### What is needed
Exactly transcribe the line that holds "this 1344×1512 image." and every remaining line of the records, up to and including the final one, with nothing else.

::::::::::

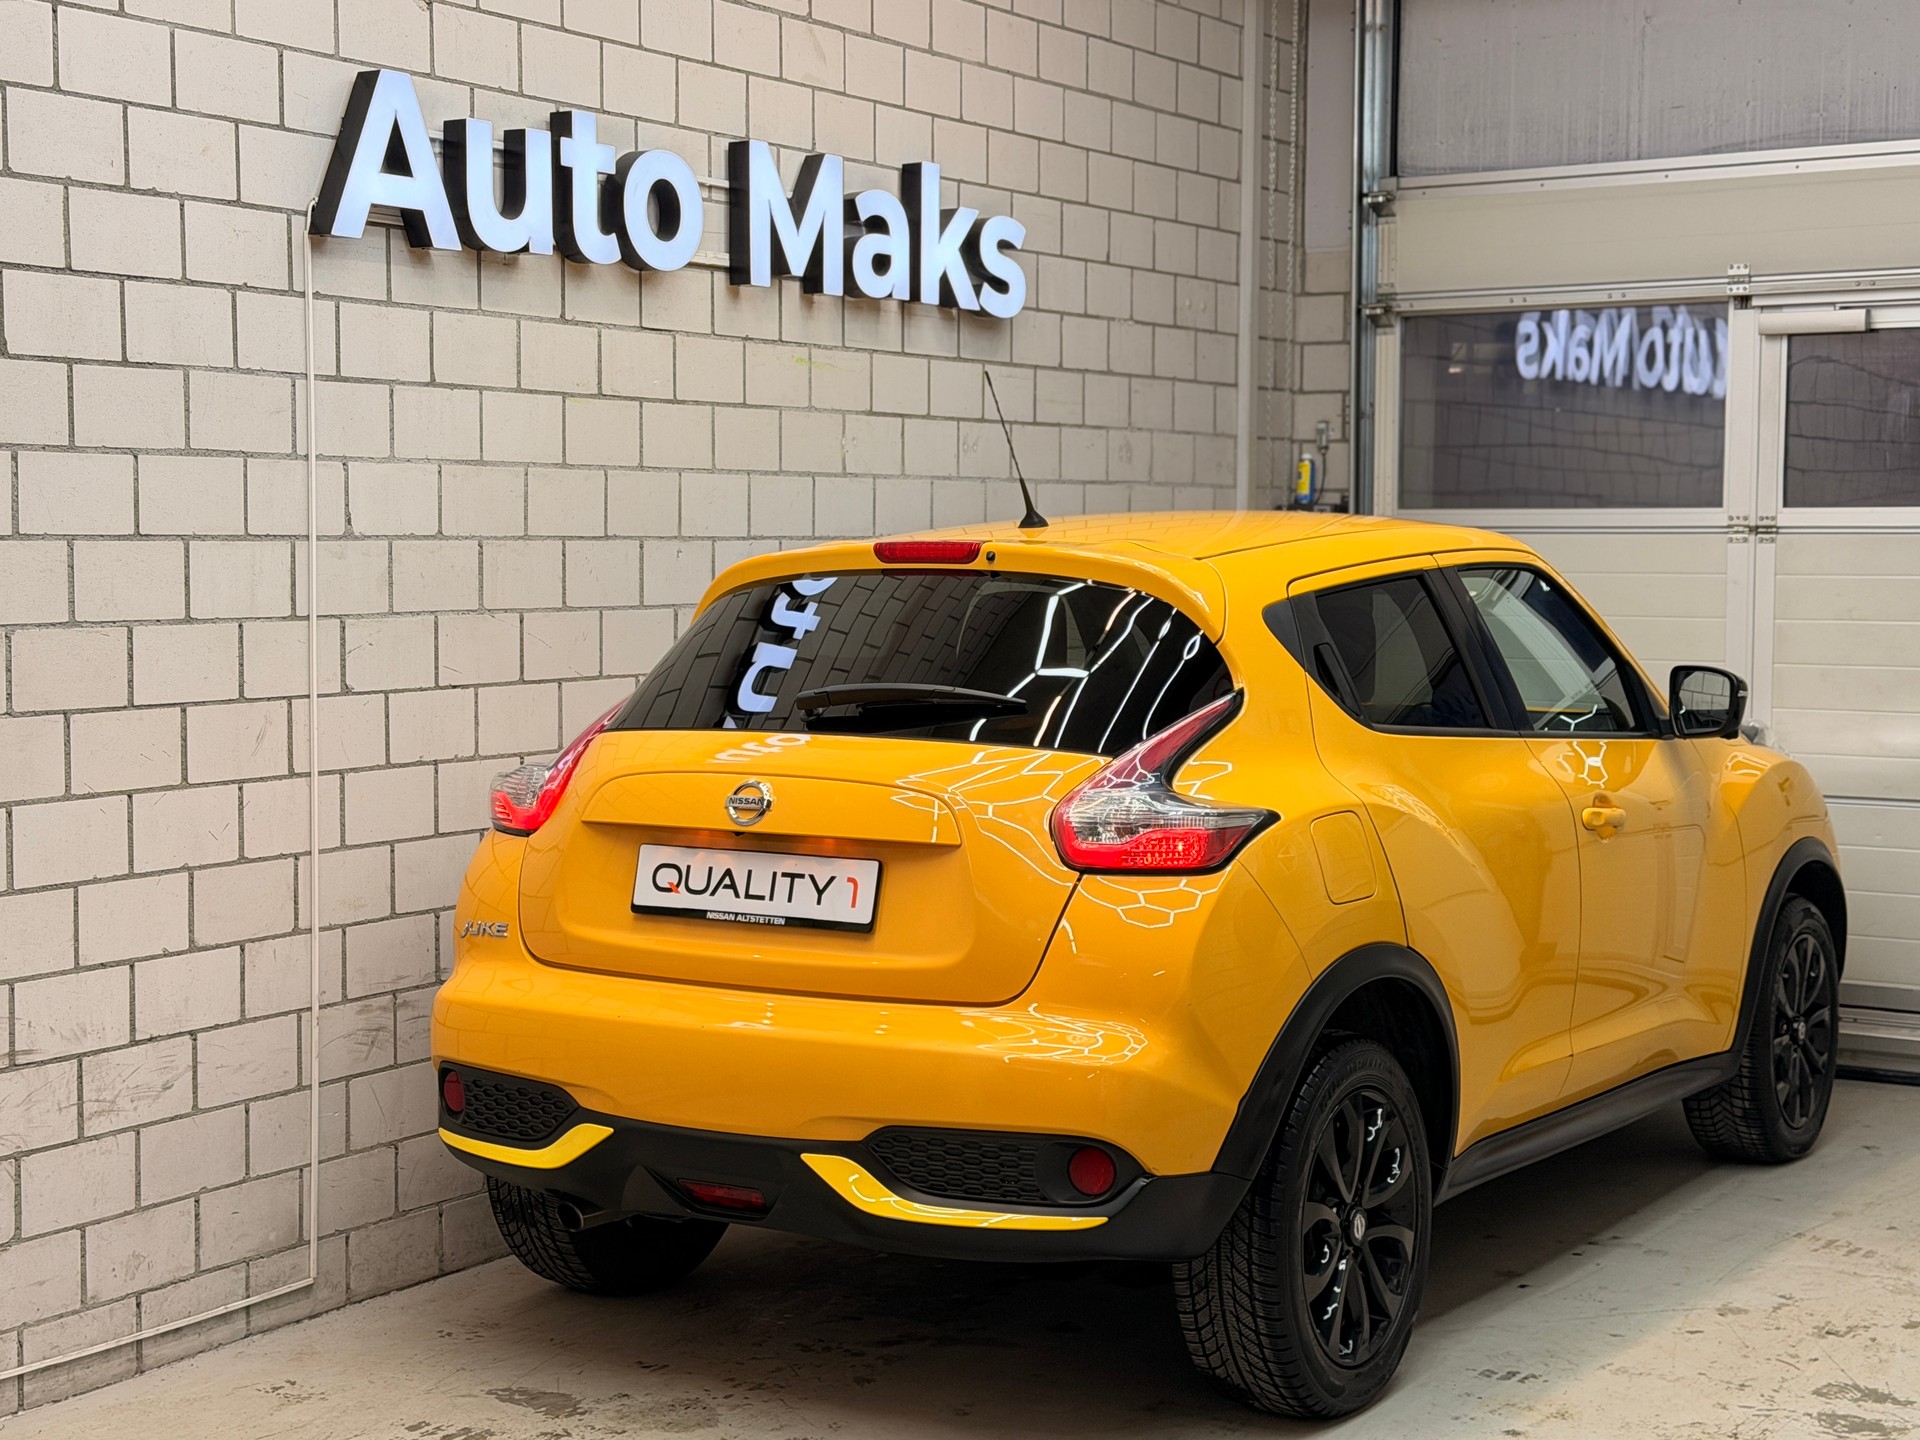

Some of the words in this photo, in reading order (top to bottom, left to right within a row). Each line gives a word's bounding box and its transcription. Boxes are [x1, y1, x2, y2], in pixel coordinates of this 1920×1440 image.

[309, 69, 703, 272] Auto
[728, 139, 1027, 318] Maks
[728, 797, 765, 806] NISSAN
[652, 862, 837, 906] QUALITY
[846, 876, 859, 908] 1
[706, 911, 735, 921] NISSAN
[736, 914, 786, 925] ALTSTETTEN
[460, 920, 509, 939] JUKE
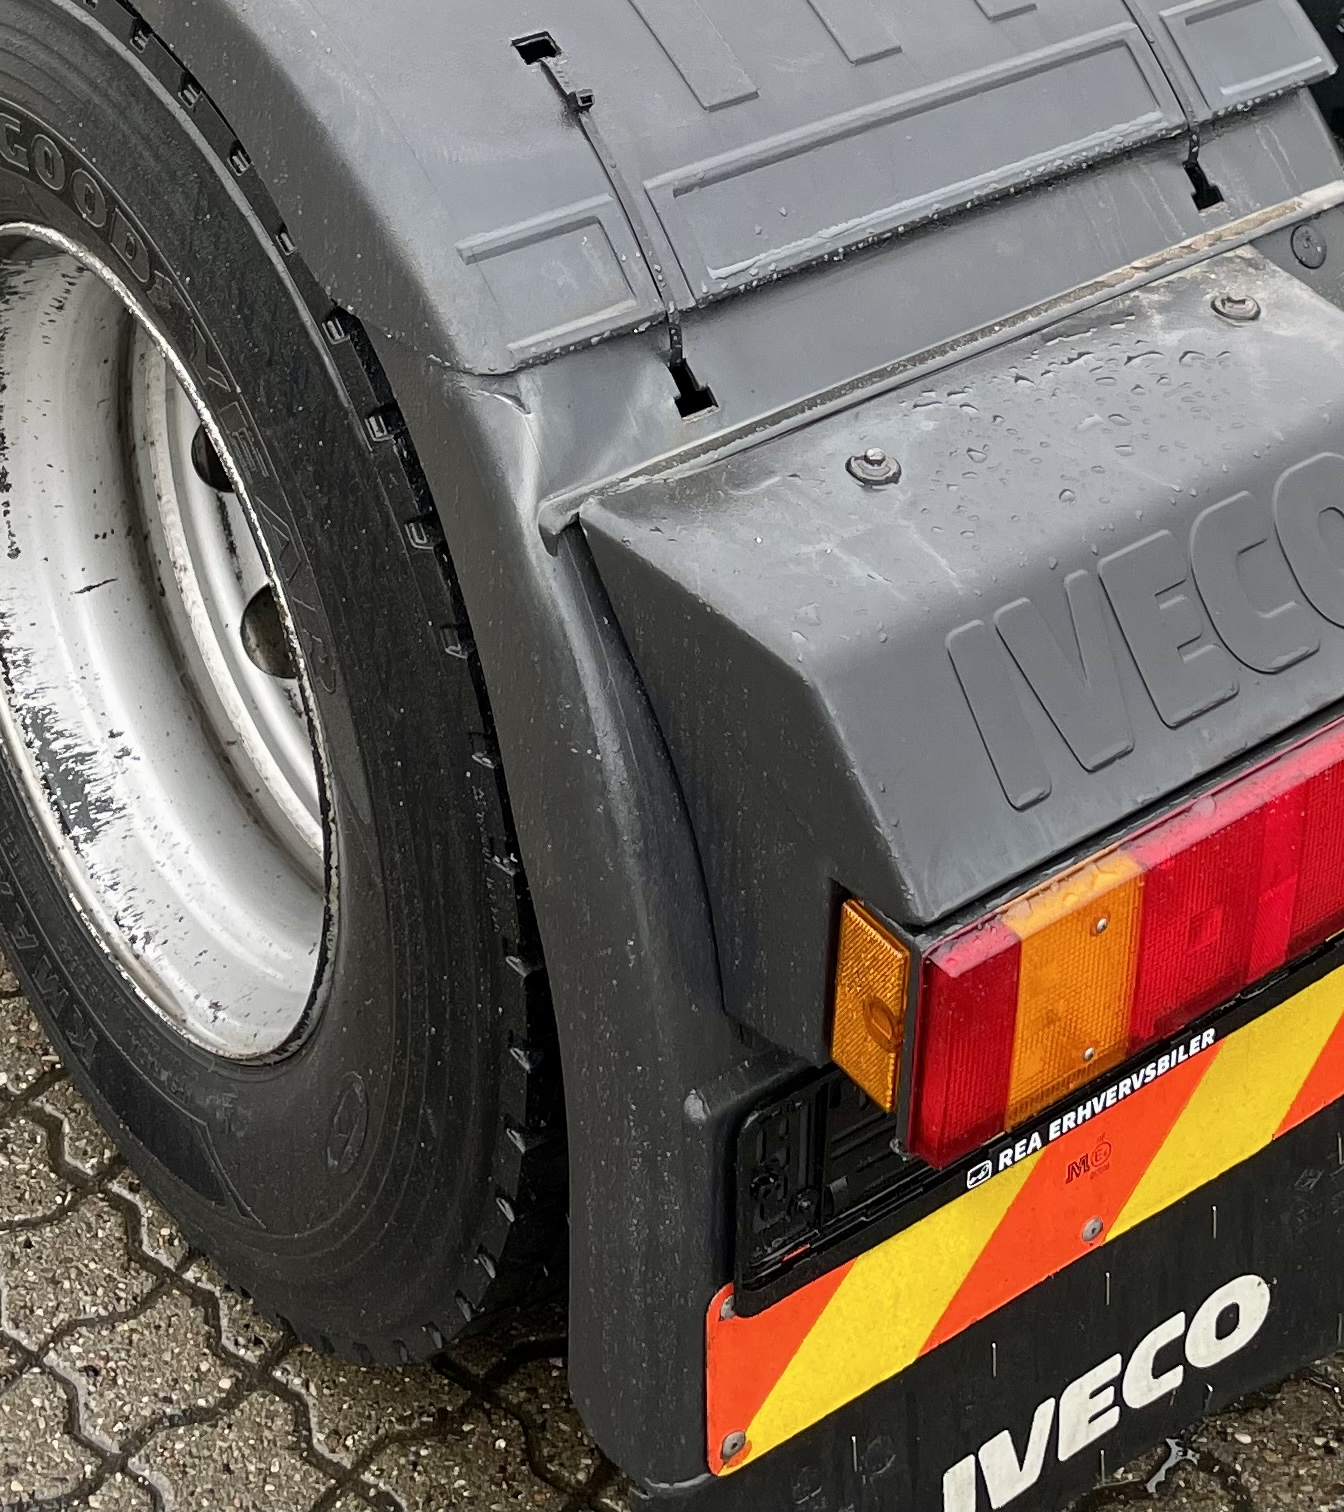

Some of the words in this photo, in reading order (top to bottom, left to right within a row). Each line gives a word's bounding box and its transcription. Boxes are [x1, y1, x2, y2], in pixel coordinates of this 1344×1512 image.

[998, 1132, 1041, 1172] REA
[1049, 1028, 1215, 1141] ERHVERVSBILER
[942, 1274, 1271, 1512] IVECO

::::::::::

### Answer section
Some of the words in this photo, in reading order (top to bottom, left to right within a row). Each line gives a word's bounding box and its transcription. Boxes are [x1, y1, x2, y2], in pixel coordinates of this 1344×1512 image.

[998, 1132, 1041, 1172] REA
[1049, 1028, 1215, 1141] ERHVERVSBILER
[942, 1274, 1271, 1512] IVECO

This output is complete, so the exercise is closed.